◆ Annotated photo localization data:
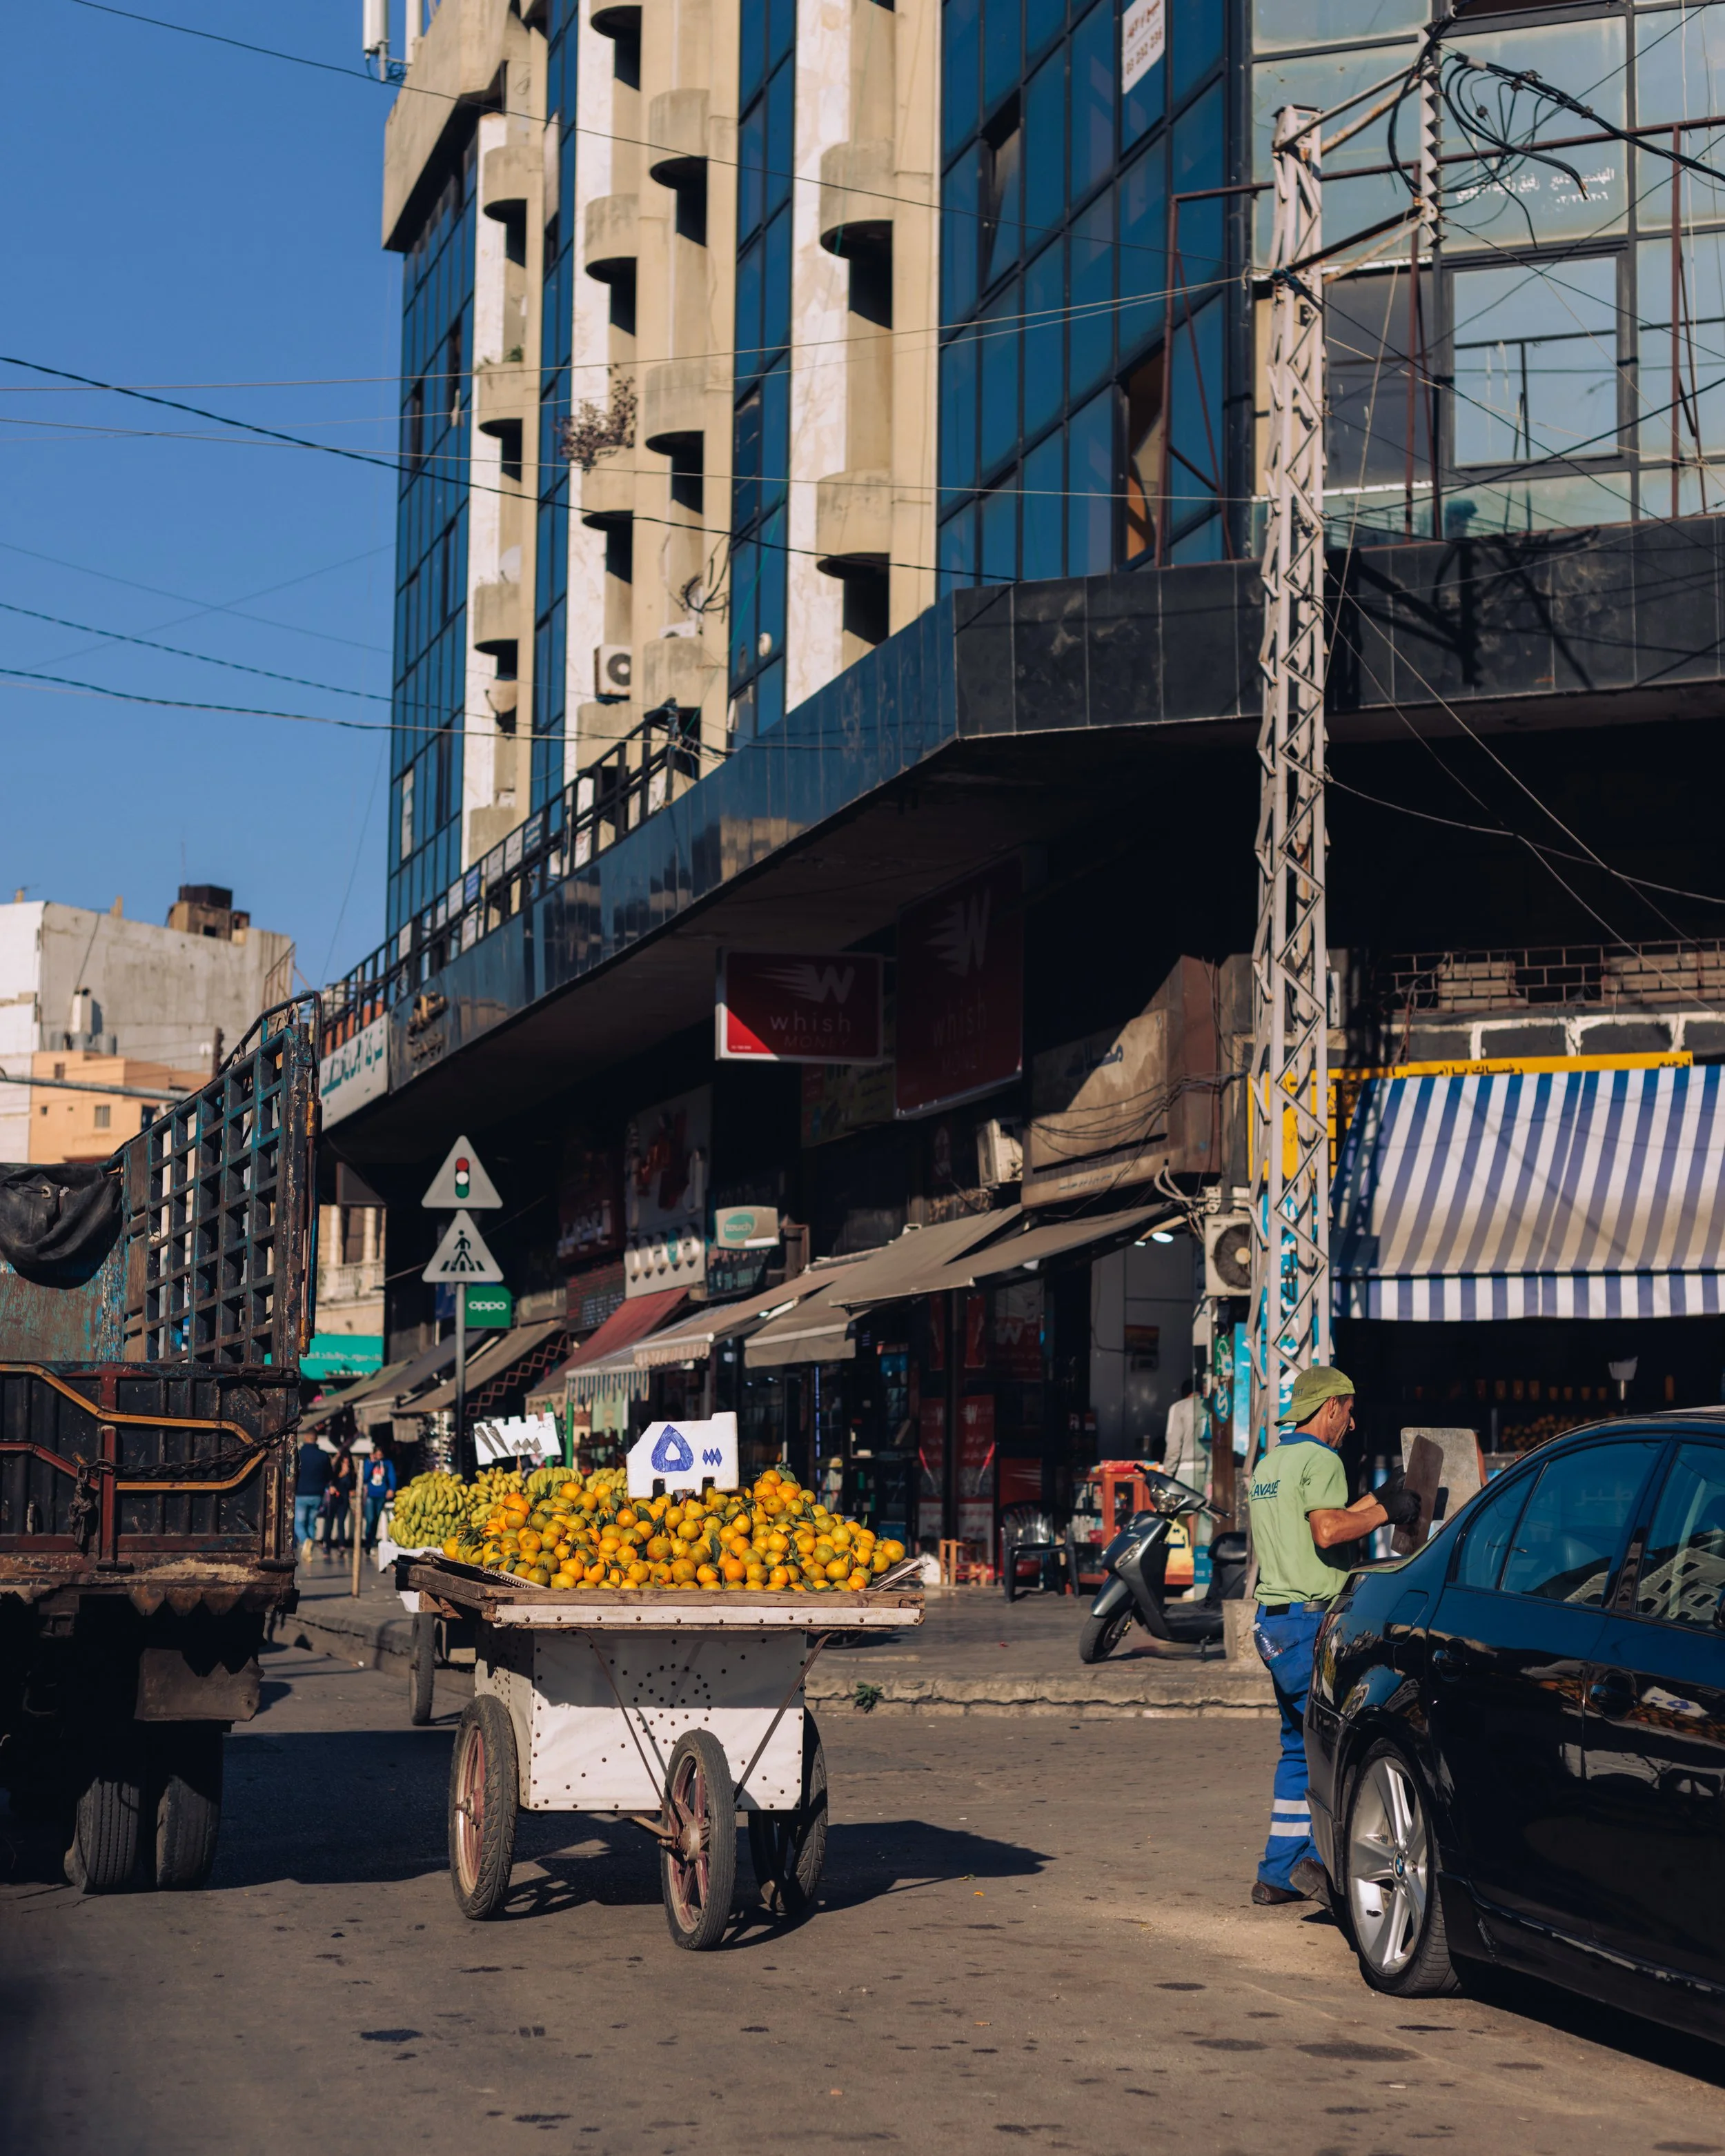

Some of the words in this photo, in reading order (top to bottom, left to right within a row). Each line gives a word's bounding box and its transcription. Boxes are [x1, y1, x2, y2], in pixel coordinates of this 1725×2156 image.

[770, 1010, 851, 1034] whish
[784, 1035, 849, 1051] MONEY
[725, 1221, 752, 1232] touch
[469, 1300, 507, 1312] oppo
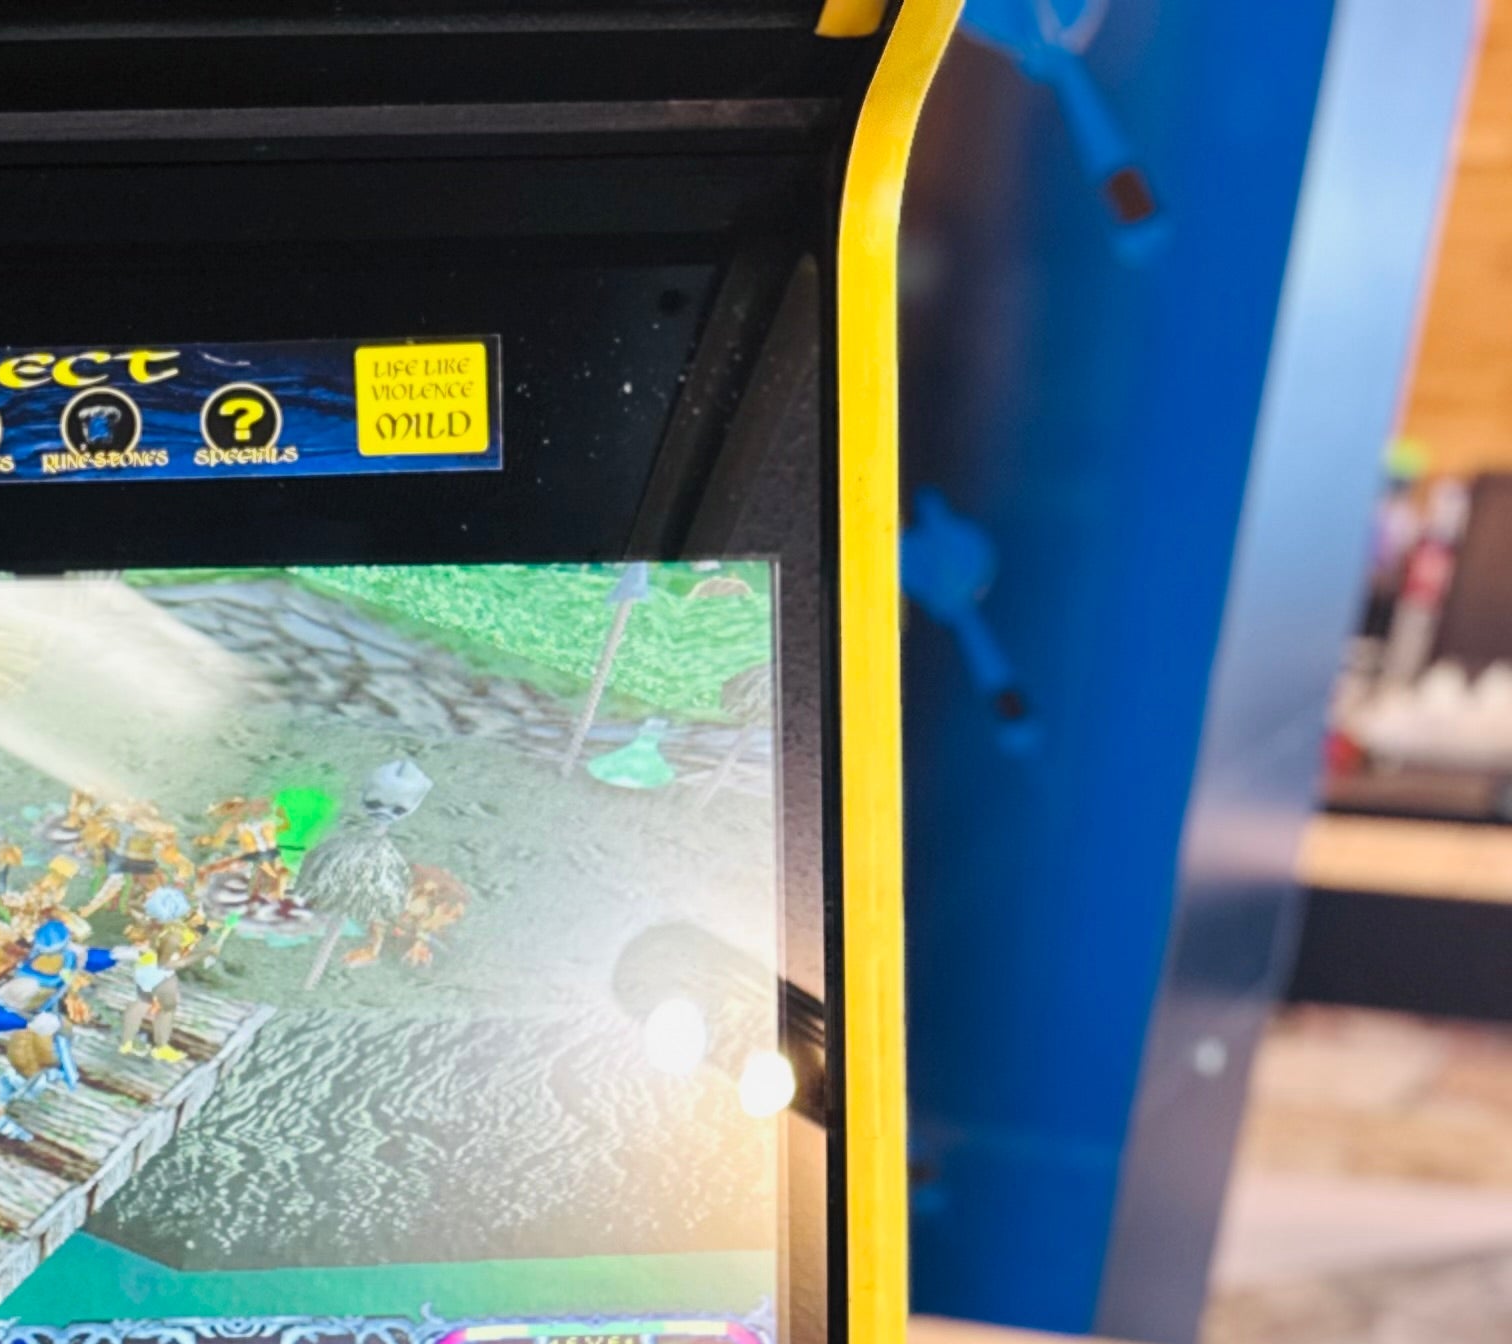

◆ EXERCISE GOAL: Line by line, write out the entries exactly, and leave the pictures out.

◆ OUTPUT:
Some of the words in this photo, in reading order (top to bottom, left to right within a row). Each line gives a word's bounding box and its transcription. Boxes are [x1, y1, x2, y2], in pixel coordinates of this 1725×2156 image.

[770, 1010, 851, 1034] whish
[784, 1035, 849, 1051] MONEY
[725, 1221, 752, 1232] touch
[469, 1300, 507, 1312] oppo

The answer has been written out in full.